An example of power-of-two group with $P_G \ll \frac{1}{4}$ is the multiplication over unitriangular matrices (modulo). However, it is still much higher than that of $S_n$ for similar set sizes. I tried also direct product of dihedral groups and achieved even higher $P_G$ than with the matrices.

I have been putting some code and results here, in the case someone is interested in further investigation; see sections Abstract algebra module, Commutativity degree of groups and Tendency of commutativity on Mn.

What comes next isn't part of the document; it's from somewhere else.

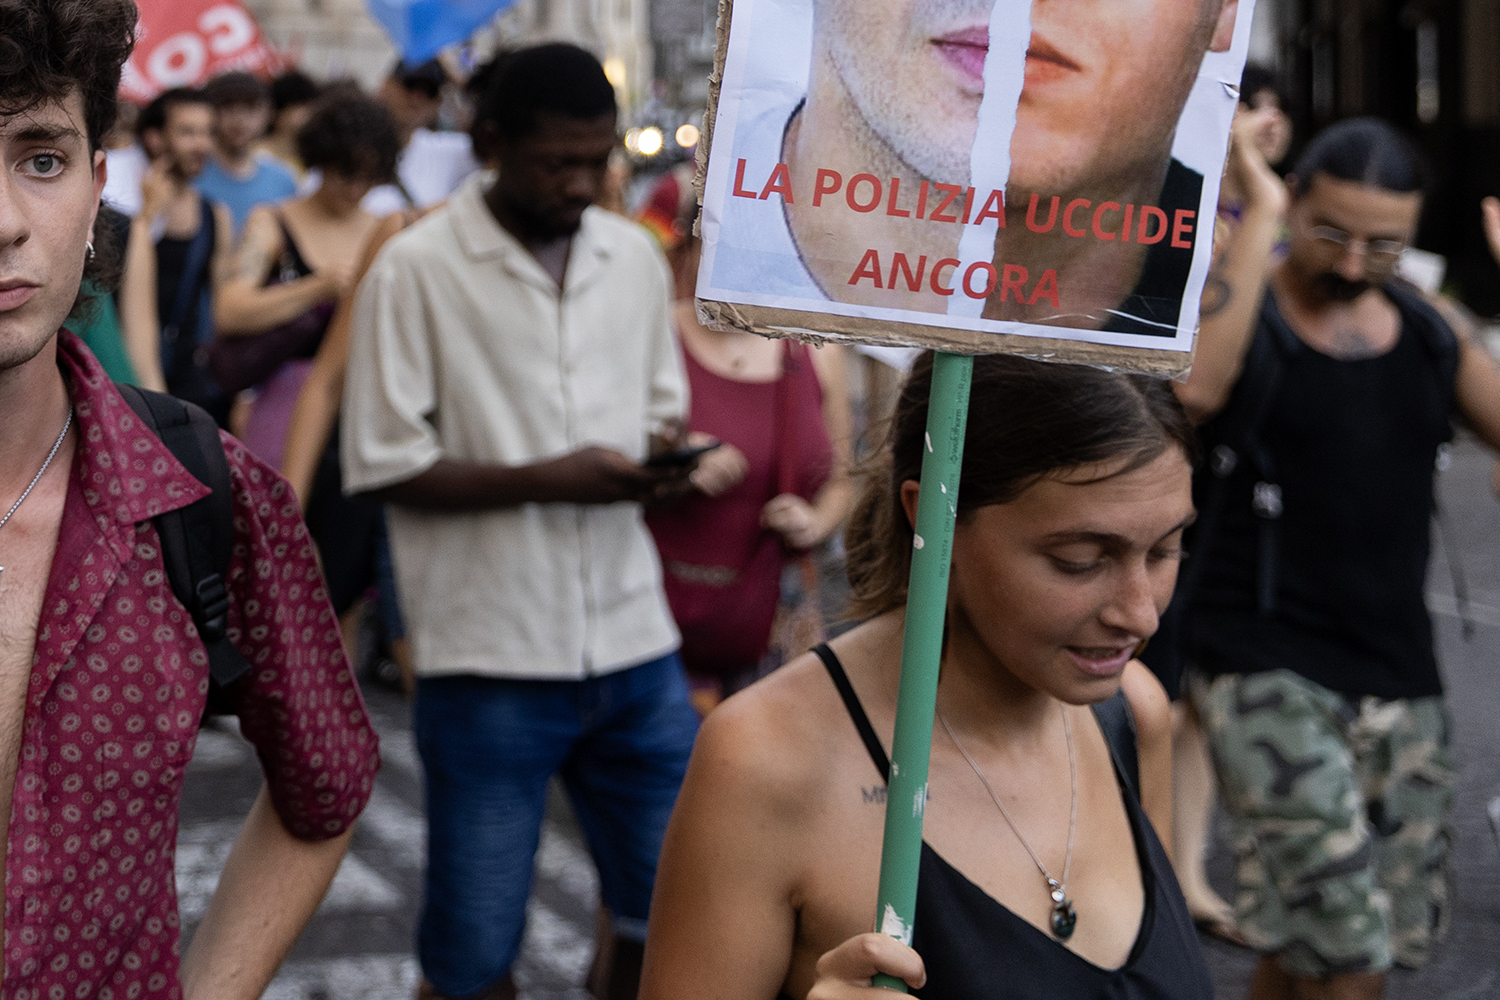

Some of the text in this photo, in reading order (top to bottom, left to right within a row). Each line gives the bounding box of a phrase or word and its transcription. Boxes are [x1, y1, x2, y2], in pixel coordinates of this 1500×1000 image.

I am looking for a group that is algorithmically feasible to be implemented, like $S_n$, $D_n$, $Z_n$ etc. which are straight forward to code and fast to calculate.

UPDATE:

It seems that groups of order $2^n$ are fated to be almost Abelian because prime power order implies nilpotent.

UPDATE 2:

My best attempt was a direct product of $D_{34}$ and $Z_{2^{128}-159}$ (I doubled the order to avoid half bits when importing 128 bits from legacy systems, among other benefits [and disadvantages]). Unfortunately, another attempt was to use the matrices mentioned above in the place of S_{34}, but, in a small test with 45 bits the matrices already commuted with p = ~5e-06 after 40 million pairs. The direct product of dihedral groups give formula values worse than the matrices.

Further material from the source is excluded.